» Excerpted data
▬▬▬▬▬▬▬▬▬▬

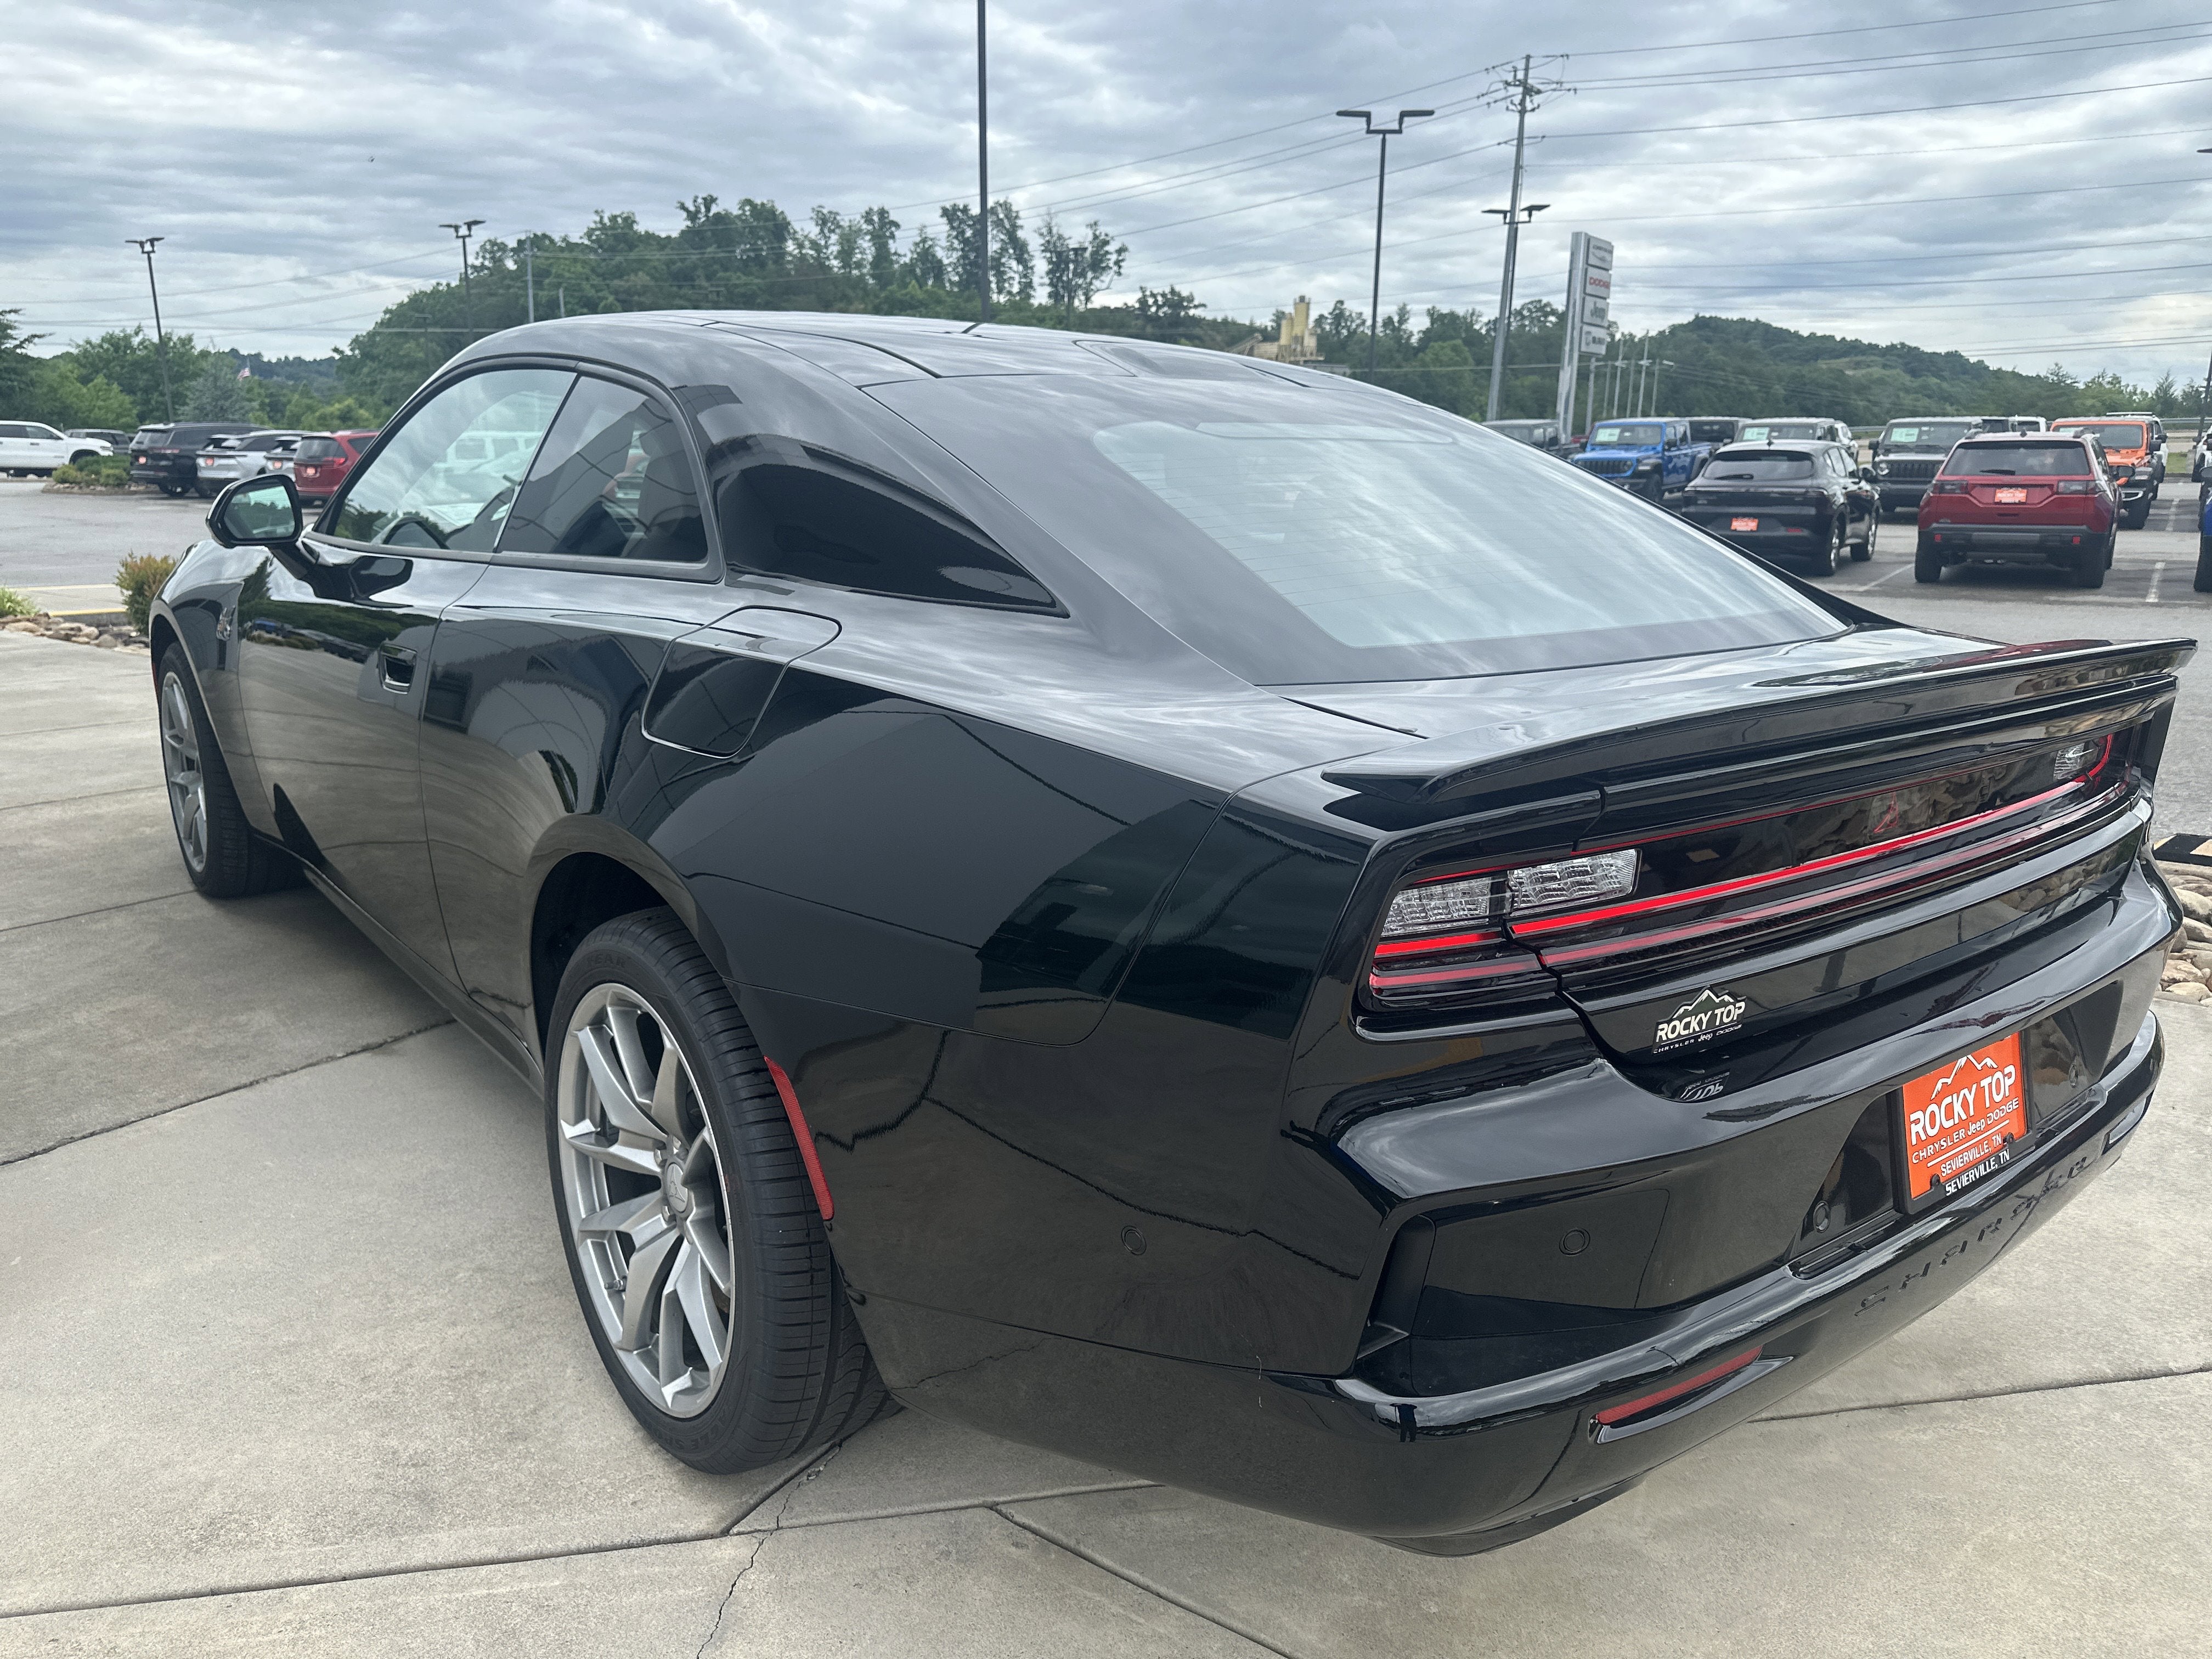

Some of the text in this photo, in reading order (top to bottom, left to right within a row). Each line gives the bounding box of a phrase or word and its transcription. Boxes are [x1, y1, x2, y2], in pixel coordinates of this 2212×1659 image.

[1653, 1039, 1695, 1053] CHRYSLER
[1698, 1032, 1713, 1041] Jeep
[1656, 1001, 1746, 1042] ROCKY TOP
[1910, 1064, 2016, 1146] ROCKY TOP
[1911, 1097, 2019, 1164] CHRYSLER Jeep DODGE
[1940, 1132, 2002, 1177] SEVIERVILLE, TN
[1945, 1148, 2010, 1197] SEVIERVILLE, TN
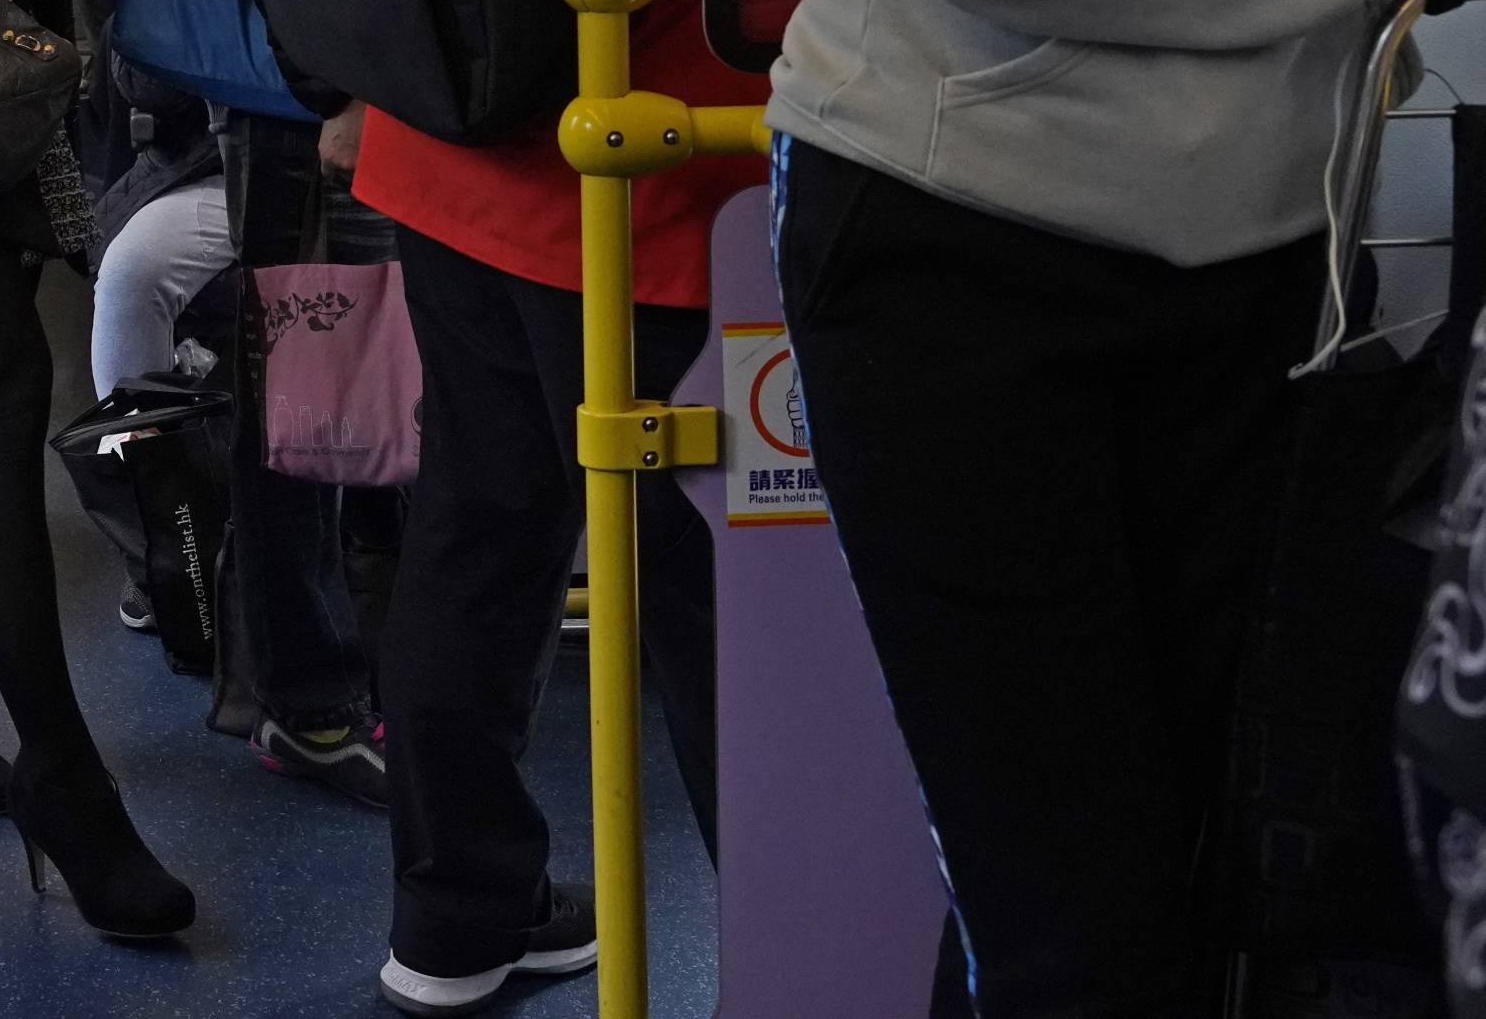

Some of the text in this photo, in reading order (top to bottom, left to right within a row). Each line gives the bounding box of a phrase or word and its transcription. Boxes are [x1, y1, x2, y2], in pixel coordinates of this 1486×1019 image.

▬▬▬▬▬▬▬▬▬▬

» Task directions
What this calls for is a word-for-word copy of the listing above, pictures excluded.

» Response to the task
Some of the text in this photo, in reading order (top to bottom, left to right within a row). Each line gives the bounding box of a phrase or word and its transcription. Boxes are [x1, y1, x2, y2], in pixel coordinates of this 2212×1659 image.

[1653, 1039, 1695, 1053] CHRYSLER
[1698, 1032, 1713, 1041] Jeep
[1656, 1001, 1746, 1042] ROCKY TOP
[1910, 1064, 2016, 1146] ROCKY TOP
[1911, 1097, 2019, 1164] CHRYSLER Jeep DODGE
[1940, 1132, 2002, 1177] SEVIERVILLE, TN
[1945, 1148, 2010, 1197] SEVIERVILLE, TN

Some of the text in this photo, in reading order (top to bottom, left to right within a row). Each line gives the bounding box of a phrase or word and its transcription. Boxes are [x1, y1, x2, y2], in pixel coordinates of this 1486×1019 image.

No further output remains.